Actually, I would disagree on this point. :) Ten years ago, I had the luxury of acquiring an HP Journada handheld PC. The keyboard was just big enough to touch-type on, and the screen just wide enough to comfortably read text; thus, I was able to use the device very much like a traditional laptop machine. But, the handheld PC concept has apparently died out.

Four years ago, I picked up a Nokia N900. Of course, it's a very small form-factor, but still it had the resistive screen that could be used accurately with a stylus, and a Linux distribution capable of running desktop software. And so, I was still able to edit text files in the same manner as on my desktop, which was a luxury.
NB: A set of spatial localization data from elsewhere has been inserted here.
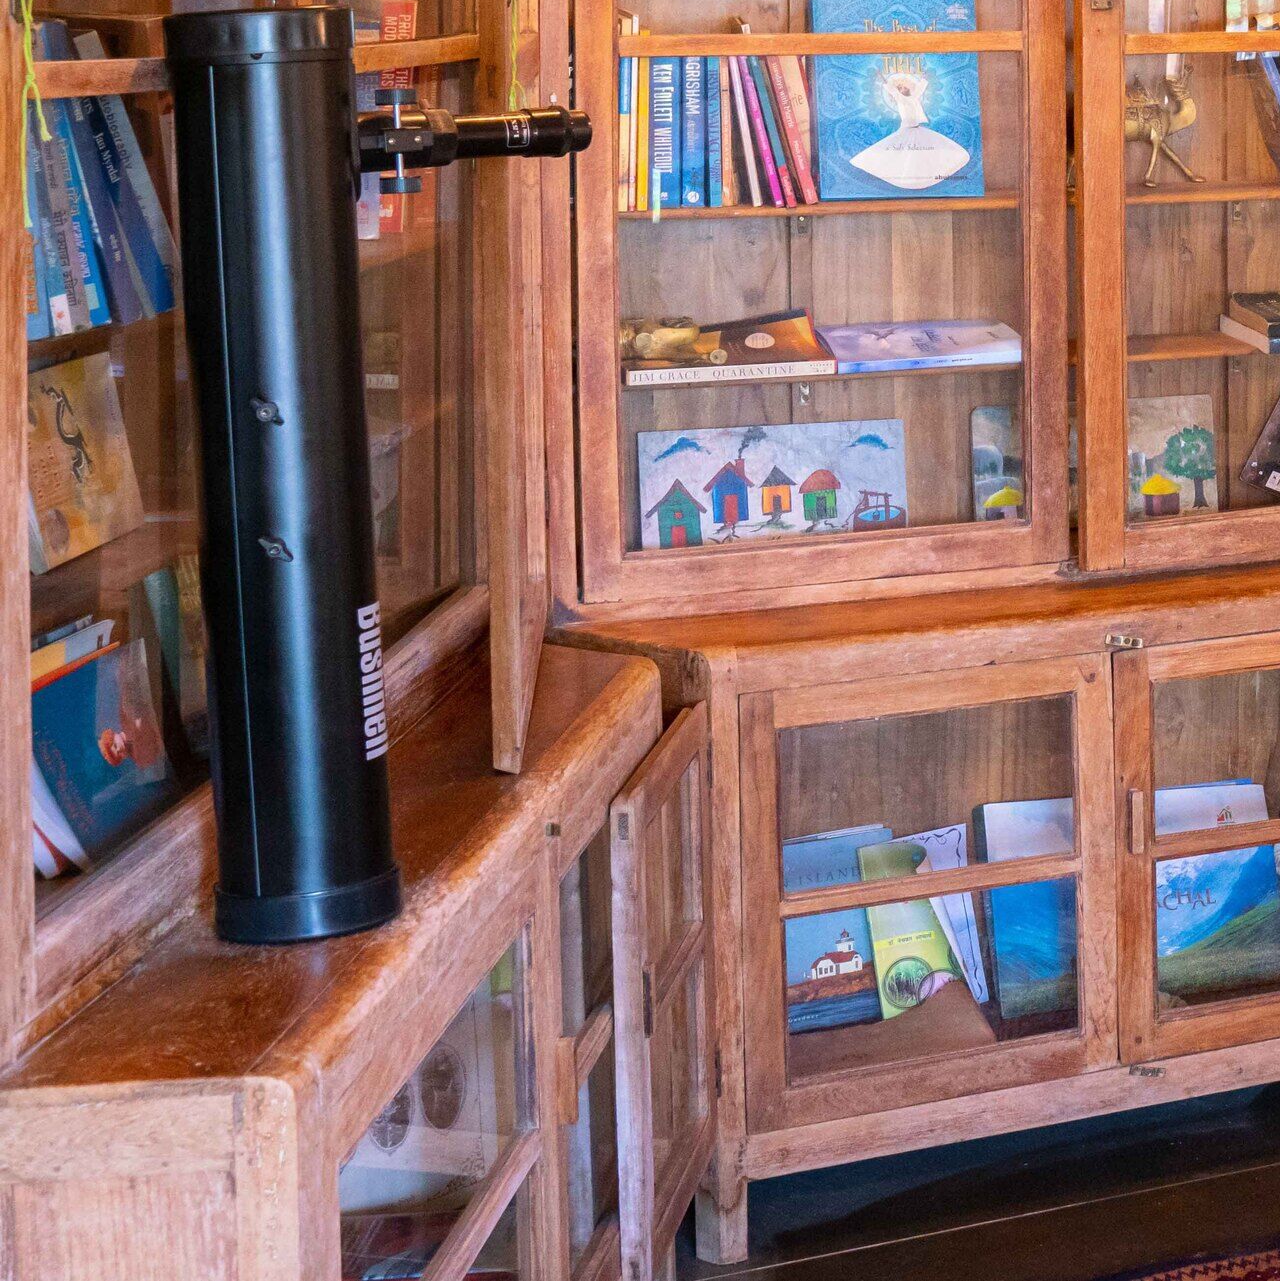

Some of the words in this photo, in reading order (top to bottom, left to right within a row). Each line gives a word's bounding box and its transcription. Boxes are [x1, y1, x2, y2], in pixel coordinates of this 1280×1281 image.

[384, 16, 398, 41] MOD
[399, 14, 412, 40] PRIC
[863, 19, 883, 33] The
[891, 19, 915, 33] Best
[925, 19, 938, 33] of
[382, 67, 395, 88] ARS
[653, 64, 674, 84] KEN
[770, 61, 784, 92] Tuesdays
[685, 62, 701, 115] GRISHAM
[779, 92, 788, 106] with
[653, 86, 674, 123] FOLLETT
[783, 106, 796, 129] Morrie
[653, 127, 673, 174] WHITEOUT
[907, 143, 935, 151] Selection
[101, 150, 119, 184] Myrdal
[631, 372, 655, 385] JIM
[657, 370, 701, 382] CRACE
[712, 365, 797, 379] QUARANTINE
[799, 867, 860, 887] ISLAND
The current common hardware set for mobile devices is indeed powerful, but they've dropped every useful input method available. No keyboards any more. Almost nothing with a stylus. Low-accuracy capacitive screens. Completely closed operating systems.
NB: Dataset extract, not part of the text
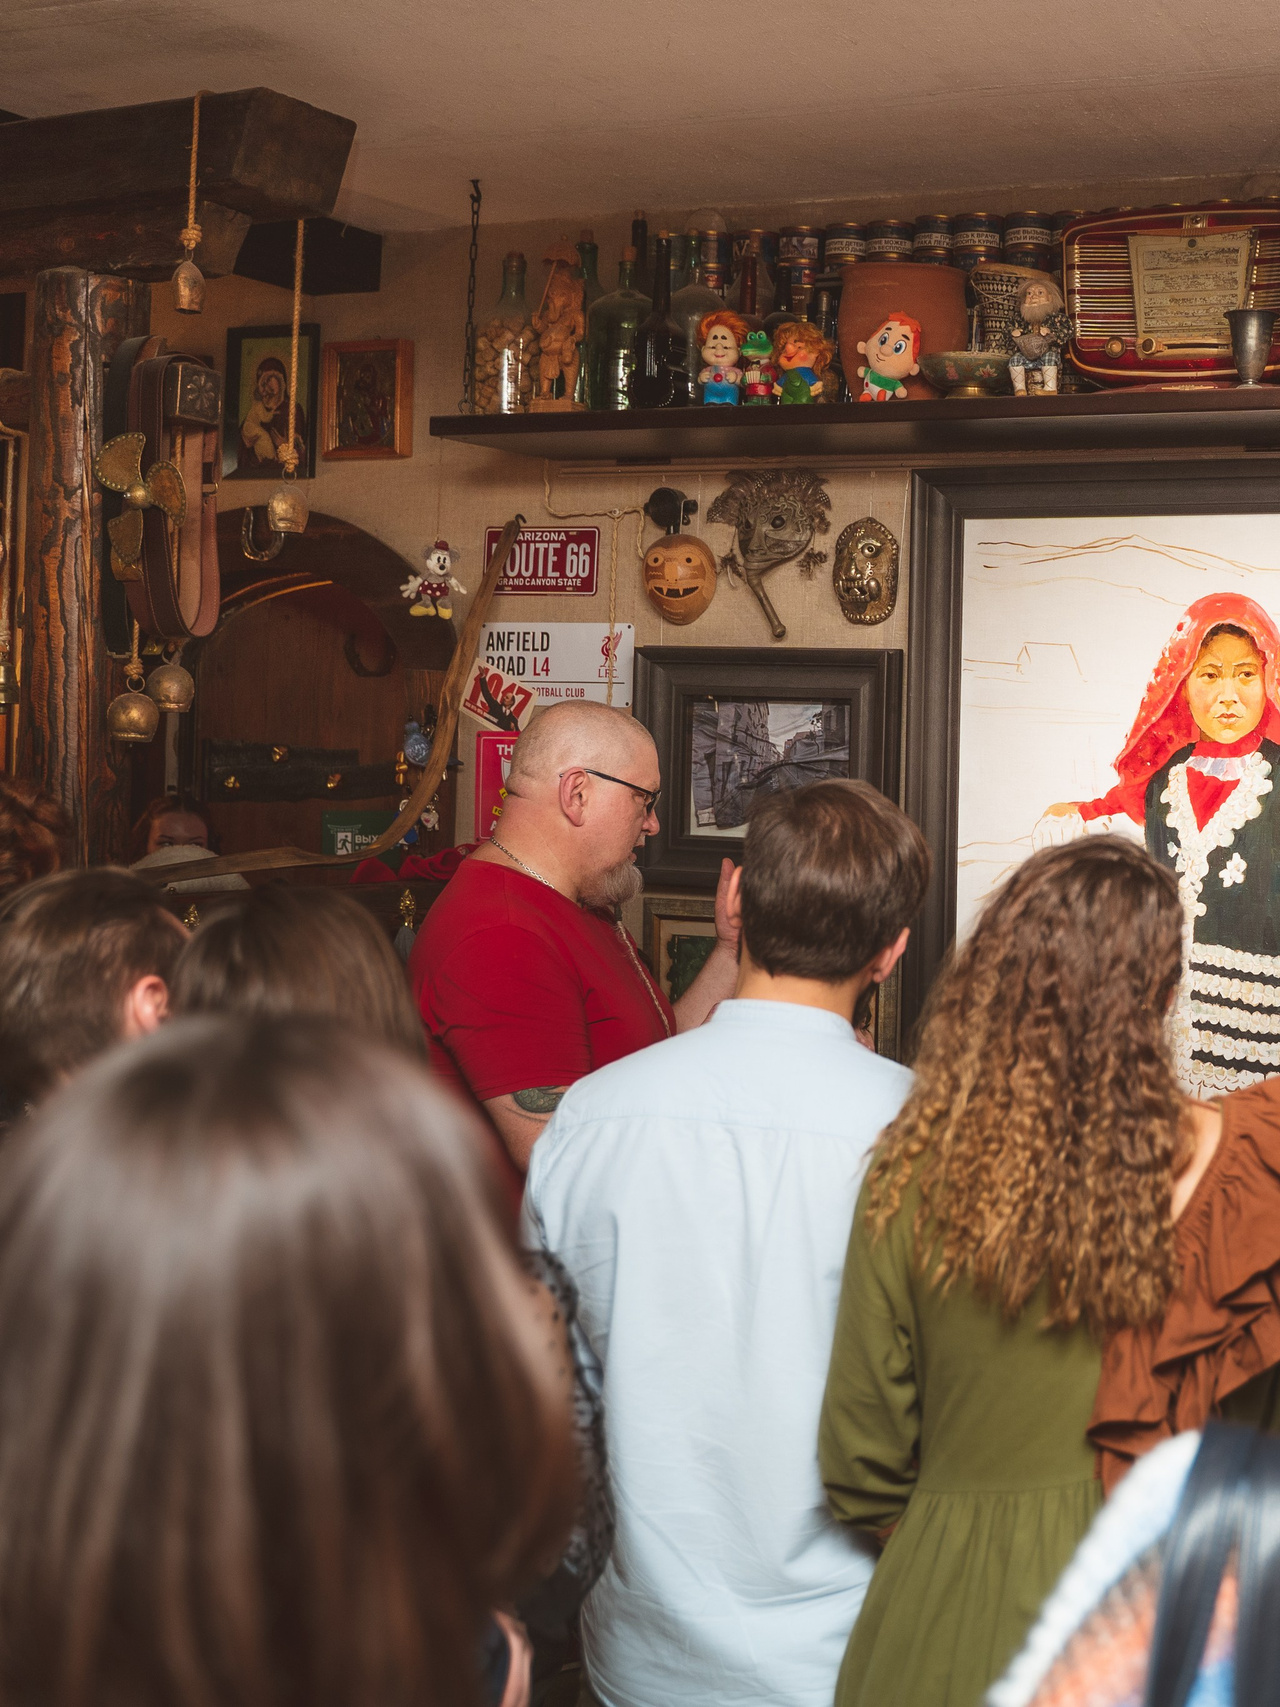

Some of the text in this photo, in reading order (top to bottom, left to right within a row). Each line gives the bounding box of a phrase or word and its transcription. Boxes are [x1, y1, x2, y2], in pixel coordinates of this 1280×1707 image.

These are not personal computers any more. They are nothing but content-consumption toys. Personally, I would _love_ to see a return to a more traditional "desktop experience", just to have a device that was more capable for use in doing real work...

LES.. 2014-12-05 14:08

Re: Things That Kinda Suck About Modern Mobile Devices
 
Quote:

Originally Posted by Copernicus (Post 1450775)
Actually, I would disagree on this point. :) Ten years ago, I had the luxury of acquiring an HP Journada handheld PC. The keyboard was just big enough to touch-type on, and the screen just wide enough to comfortably read text; thus, I was able to use the device very much like a traditional laptop machine. But, the handheld PC concept has apparently died out.

Excellent points, being able to develop on the N900 for the N900 is a very liberating experience and completely fits with the full desktop experience as you describe. I would like to completely retract the blatant inaccuracy I tried to put forward that mobile devices are converging on a desktop experience (-:

You have nailed the point on media consumption.

reinob 2014-12-05 14:20

Re: Things That Kinda Suck About Modern Mobile Devices
 
Quote:

Originally Posted by LES.. (Post 1450784)
You have nailed the point on media consumption.

I think even Nokia used to define a smartphone as being a "convergent device", meaning it would be usable for consumption and for production of content.

I think the N900 is the last "phone" (even if it's not primarily a phone) having the ability to produce content. The rest are "toys", in the sense that they can only be used for listening and/or viewing content.

railroadmaster 2014-12-06 02:52

Re: Things That Kinda Suck About Modern Mobile Devices
 
http://www.ruggedpcreview.com/mt/arc...the_iphon.html
Things are getting better on the stylus front though.

rcolistete 2014-12-06 04:25

Re: Things That Kinda Suck About Modern Mobile Devices
 
Another problem is microUSB for everything : charging, connecting to PC, video output via MHL. So in many smartphone models, the microUSB port is prone to break more easily than some years ago, when charging and video output was done with diferent connectors.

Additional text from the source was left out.